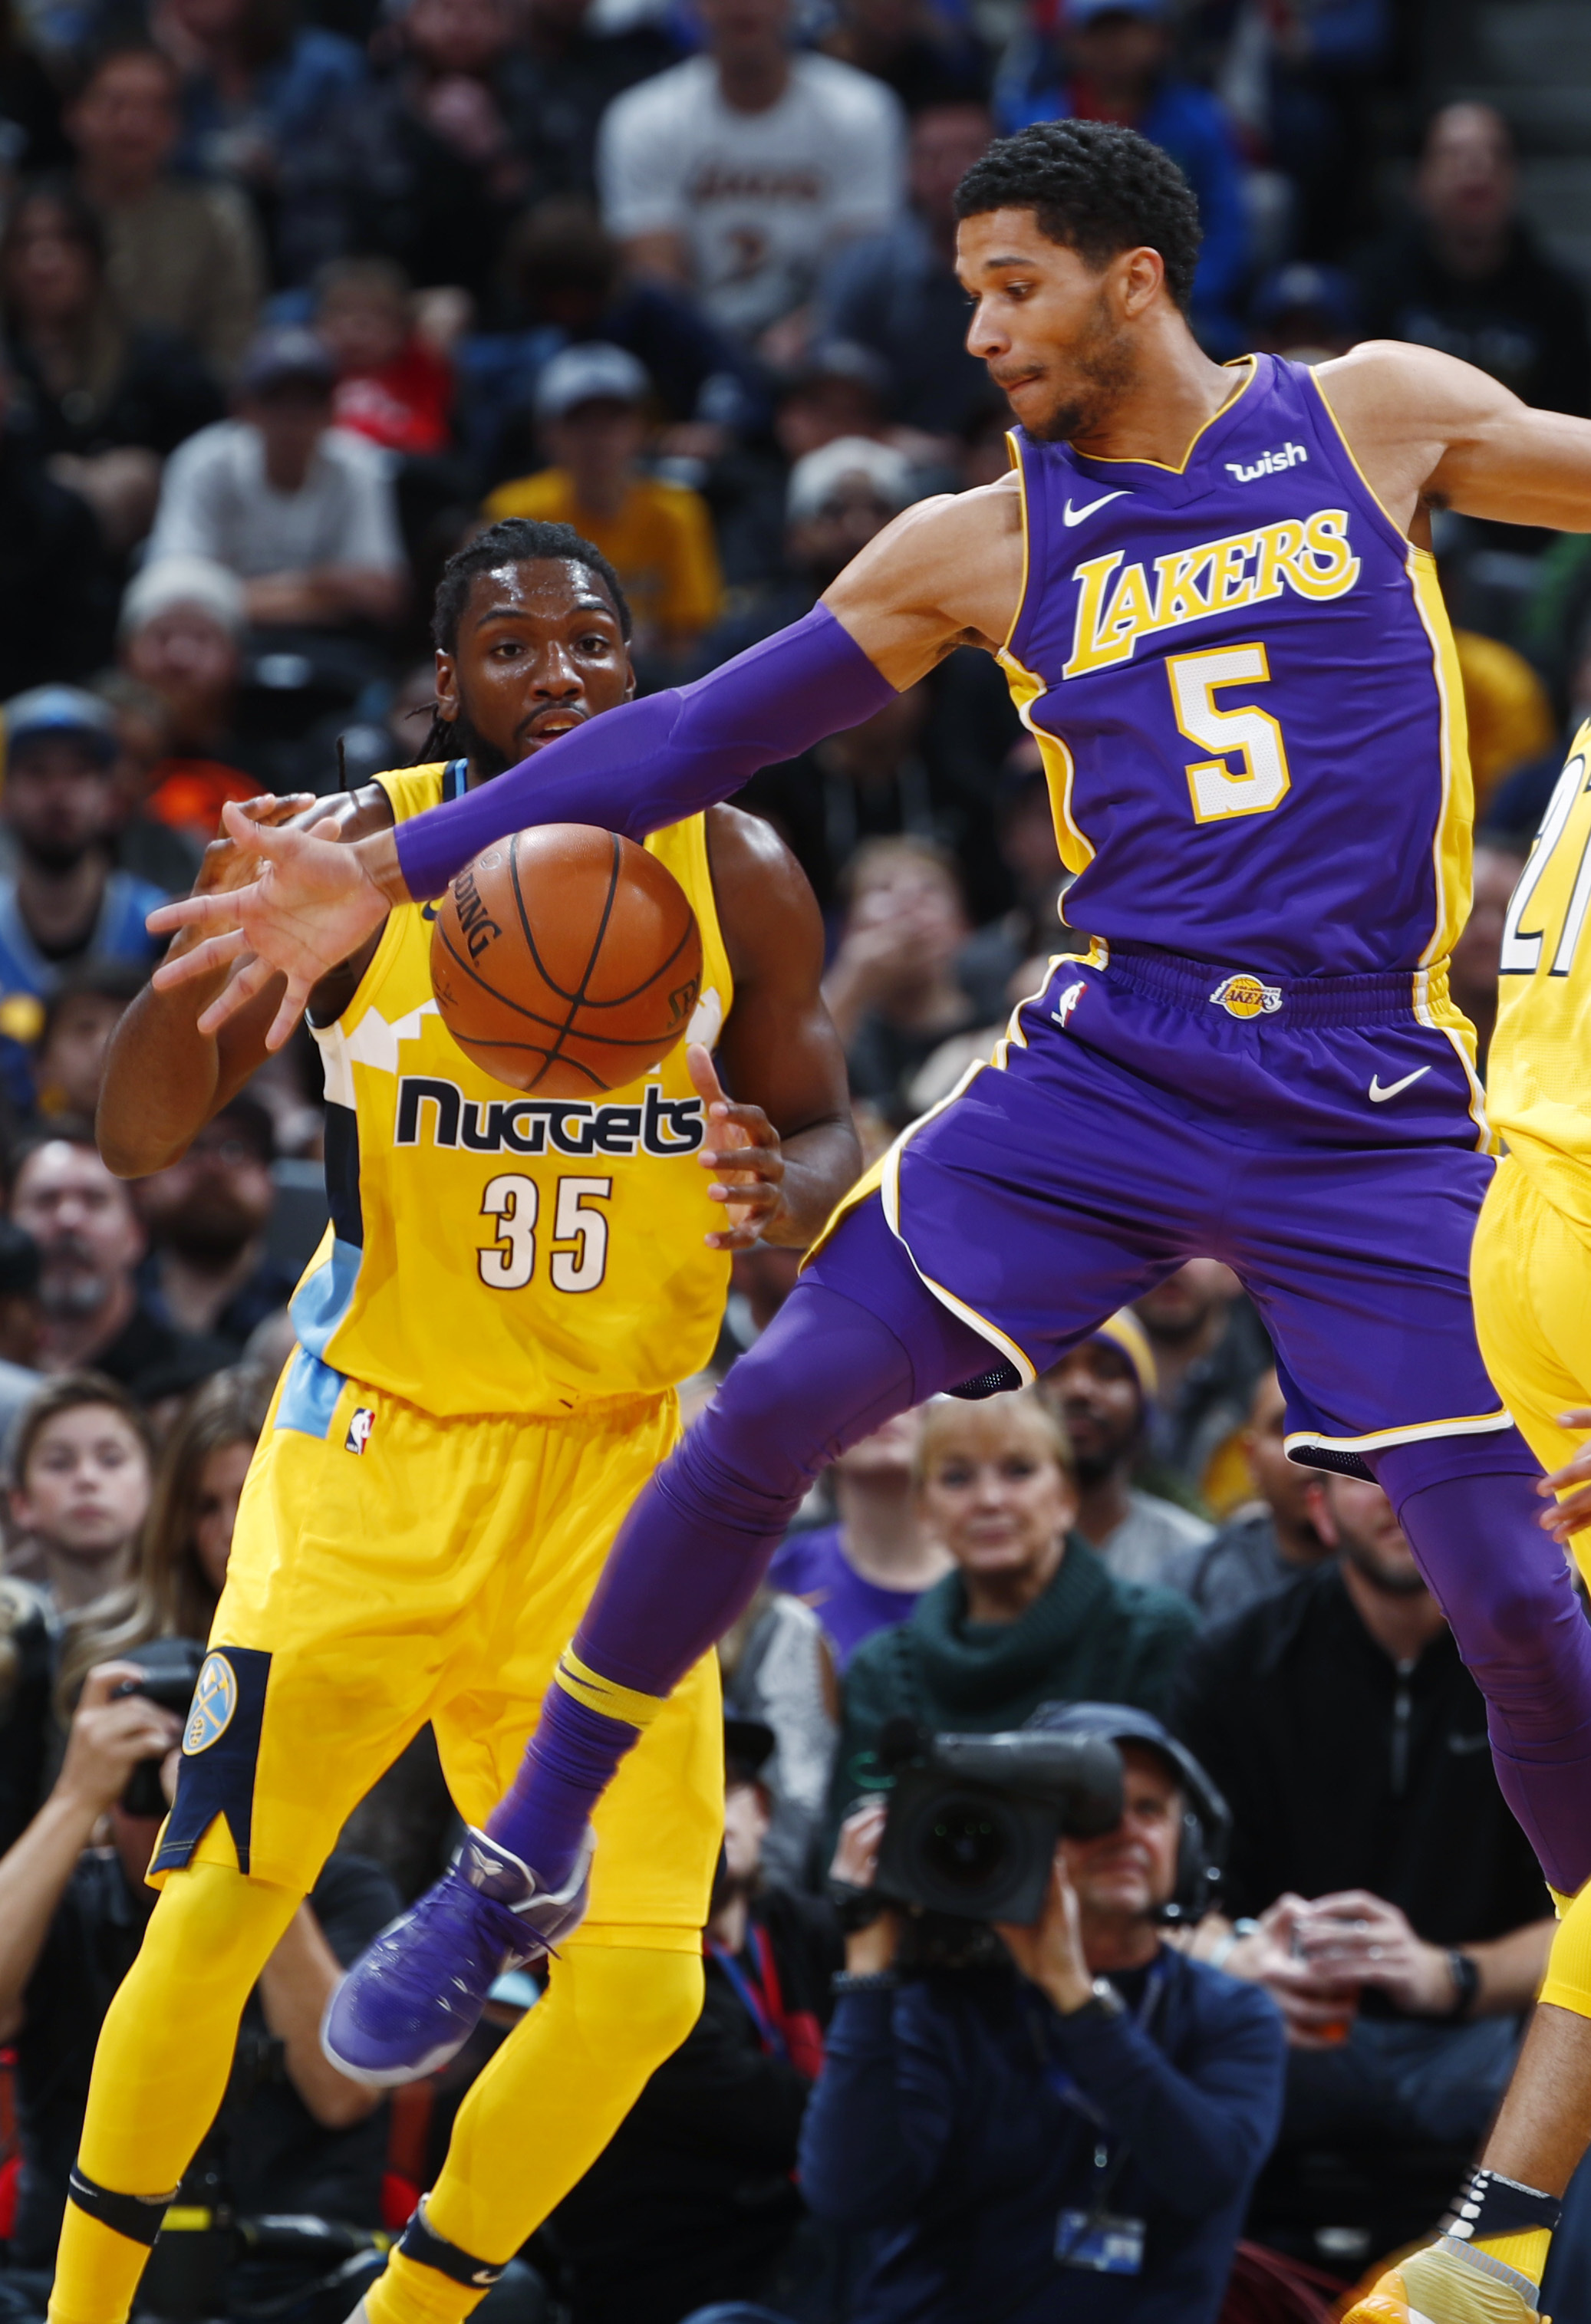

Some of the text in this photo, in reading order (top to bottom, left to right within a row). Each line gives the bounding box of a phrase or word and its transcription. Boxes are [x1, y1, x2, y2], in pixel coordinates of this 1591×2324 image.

[1225, 442, 1308, 482] wish
[1062, 509, 1361, 680] LAKERS
[1164, 642, 1292, 825] 5
[454, 871, 503, 960] DING
[476, 1173, 613, 1293] 35
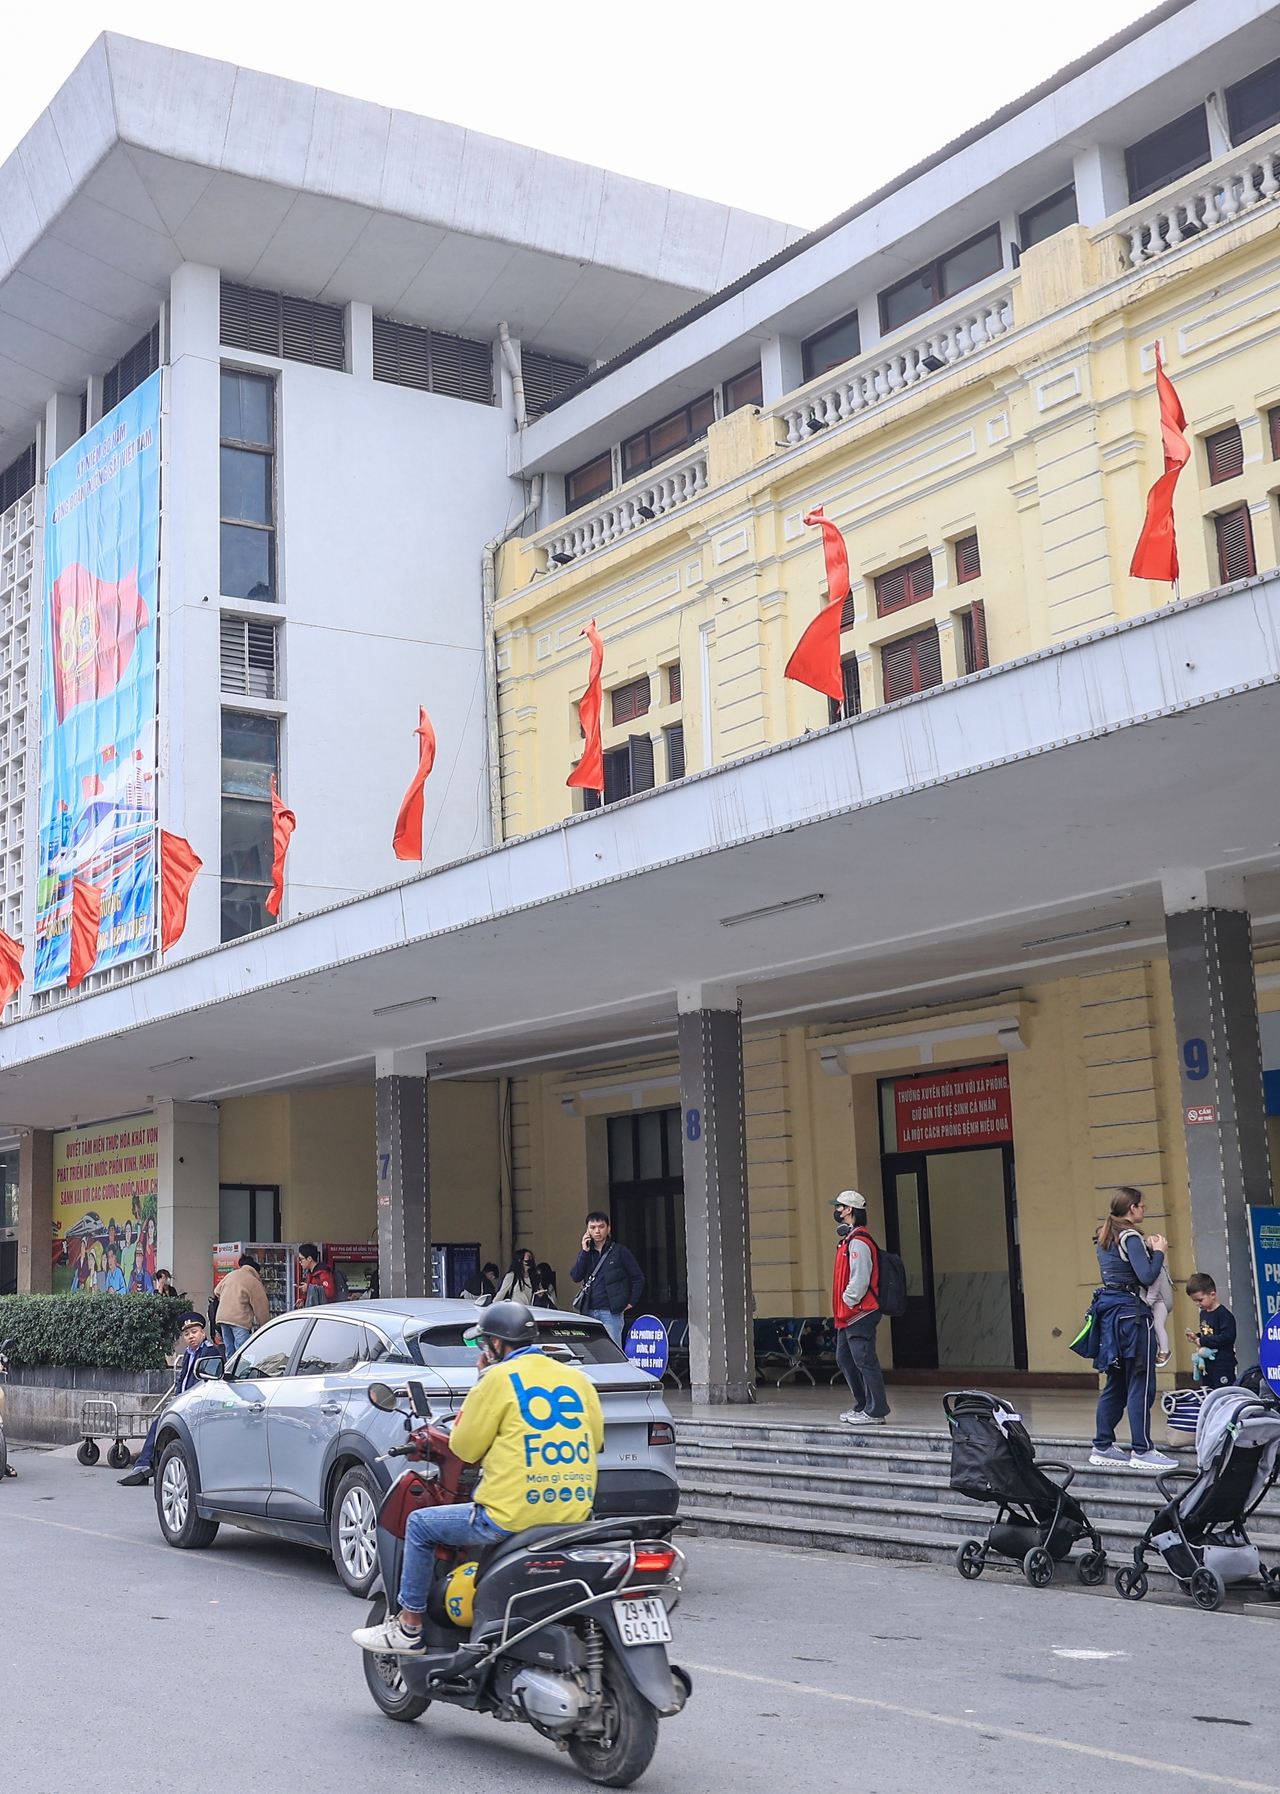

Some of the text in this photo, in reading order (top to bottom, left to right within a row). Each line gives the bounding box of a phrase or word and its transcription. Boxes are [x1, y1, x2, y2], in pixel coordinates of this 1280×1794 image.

[122, 441, 135, 467] VIỆT
[1183, 1037, 1210, 1081] 9
[898, 1075, 1010, 1103] THƯỜNG XUYÊN RỬA TAY VỚI XÀ PHÒNG,
[912, 1096, 997, 1121] GIỮ GÌN TỐT VỆ SINH CÁ NHÂN
[686, 1108, 701, 1141] 8
[903, 1114, 1009, 1143] LÀ MỘT CÁCH PHÒNG BỆNH HIỆU QUẢ
[66, 1127, 158, 1159] QUYẾT TÂM HIỆN THỰC HÓA KHÁT VỌN
[57, 1153, 155, 1182] PHÁT TRIỂN ĐẤT NƯỚC PHỒN VINH, HẠNH
[380, 1153, 390, 1180] 7
[60, 1188, 73, 1205] SÁNH
[91, 1184, 101, 1201] CÁC
[102, 1181, 119, 1200] CƯỜNG
[120, 1176, 134, 1199] QUỐC
[136, 1177, 148, 1195] NĂM
[150, 1178, 158, 1194] CH
[1264, 1263, 1280, 1284] PH
[630, 1329, 663, 1342] CÁC PHƯƠNG TIỆN
[649, 1341, 656, 1354] ĐỖ
[641, 1357, 649, 1368] QUÁ
[649, 1358, 653, 1368] 5
[653, 1356, 663, 1368] PHÚT
[509, 1372, 584, 1431] be
[524, 1433, 590, 1467] Food
[526, 1471, 584, 1483] Món gì cũng
[448, 1597, 464, 1617] be
[623, 1621, 669, 1642] 649.74
☆ ☆ ☆ ☆ ☆ ☆ ☆
> YOUR GOAL
The copy should match each line above exactly and contain no images.

> SOLUTION FOR THIS PROBLEM
Some of the text in this photo, in reading order (top to bottom, left to right within a row). Each line gives the bounding box of a phrase or word and its transcription. Boxes are [x1, y1, x2, y2], in pixel coordinates of this 1591×2324 image.

[1225, 442, 1308, 482] wish
[1062, 509, 1361, 680] LAKERS
[1164, 642, 1292, 825] 5
[454, 871, 503, 960] DING
[476, 1173, 613, 1293] 35

Some of the text in this photo, in reading order (top to bottom, left to right within a row). Each line gives the bounding box of a phrase or word and its transcription. Boxes are [x1, y1, x2, y2], in pixel coordinates of this 1280×1794 image.

[122, 441, 135, 467] VIỆT
[1183, 1037, 1210, 1081] 9
[898, 1075, 1010, 1103] THƯỜNG XUYÊN RỬA TAY VỚI XÀ PHÒNG,
[912, 1096, 997, 1121] GIỮ GÌN TỐT VỆ SINH CÁ NHÂN
[686, 1108, 701, 1141] 8
[903, 1114, 1009, 1143] LÀ MỘT CÁCH PHÒNG BỆNH HIỆU QUẢ
[66, 1127, 158, 1159] QUYẾT TÂM HIỆN THỰC HÓA KHÁT VỌN
[57, 1153, 155, 1182] PHÁT TRIỂN ĐẤT NƯỚC PHỒN VINH, HẠNH
[380, 1153, 390, 1180] 7
[60, 1188, 73, 1205] SÁNH
[91, 1184, 101, 1201] CÁC
[102, 1181, 119, 1200] CƯỜNG
[120, 1176, 134, 1199] QUỐC
[136, 1177, 148, 1195] NĂM
[150, 1178, 158, 1194] CH
[1264, 1263, 1280, 1284] PH
[630, 1329, 663, 1342] CÁC PHƯƠNG TIỆN
[649, 1341, 656, 1354] ĐỖ
[641, 1357, 649, 1368] QUÁ
[649, 1358, 653, 1368] 5
[653, 1356, 663, 1368] PHÚT
[509, 1372, 584, 1431] be
[524, 1433, 590, 1467] Food
[526, 1471, 584, 1483] Món gì cũng
[448, 1597, 464, 1617] be
[623, 1621, 669, 1642] 649.74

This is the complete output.